Dear tech-kern team,

My name is Zachary Chung, a student at the University of Southern
California, and I am interested in contributing to NetBSD, specifically the
“Emulating missing Linux syscalls” project for GSoC 2026.

I have experience of modifying kernel code, tracing system performance
issues/behavior as well as having worked in low-level c in a systems
environment. I have performed systems development in my research work at
the networked systems laboratory at USC, which included debugging
performance problems, as well as analyzing kernel and memory behavior using
perf, among other tasks.

The compat_linux layer and how to find missing syscalls, trace the failure
of linux binaries and the process of implementing those syscalls is the
type of systems work I would like to gain additional experience in. I am
particularly interested in how syscall translations are structured in
NetBSD, as well as what decisions are made about ABI compatibility.

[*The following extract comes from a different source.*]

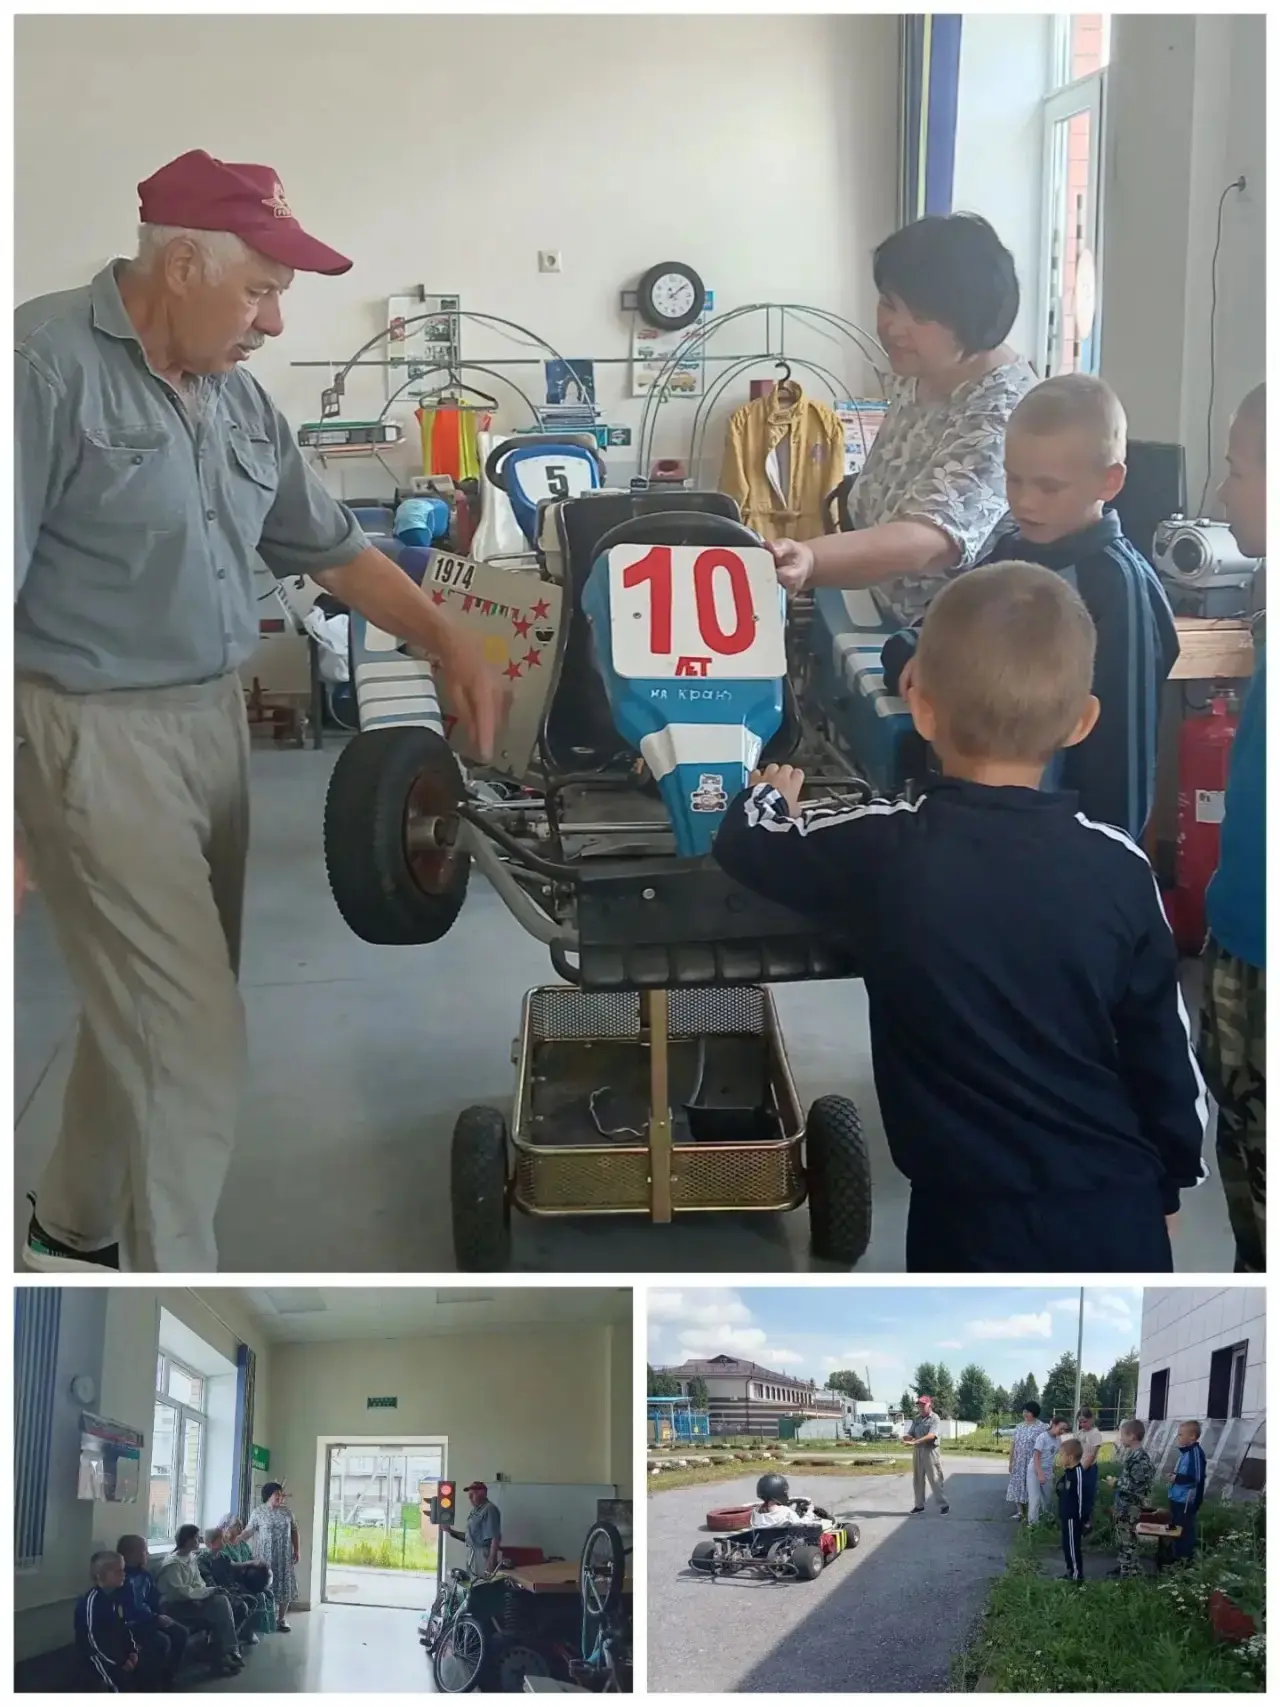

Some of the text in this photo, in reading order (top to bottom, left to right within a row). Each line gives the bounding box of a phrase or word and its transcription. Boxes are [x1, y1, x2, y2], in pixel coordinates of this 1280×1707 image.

[545, 466, 569, 499] 5
[434, 558, 475, 589] 1974
[623, 546, 756, 655] 10

I will begin contributing to the kernel and becoming familiar with the
appropriate parts of the kernel over the next few weeks, through the
following steps:

   - Building netbsd with compat_linux support enabled
   - Identify an existing set of linux executables that current fail under
   compat_linux
   - Trace the missing syscalls and additional attributes required for
   support
   - Research existing syscall mappings and contribute incremental fixes.

If there are suggestions for an area to start, or open issues, or specific
code areas with which to start contributing, I would be very grateful for
your recommendations.

My goal is to contribute meaningful code before submitting a GSoC proposal
so that I fully understand the scope and can work on a realistic and useful
project.

Thank you for your time, and I look forward to getting involved.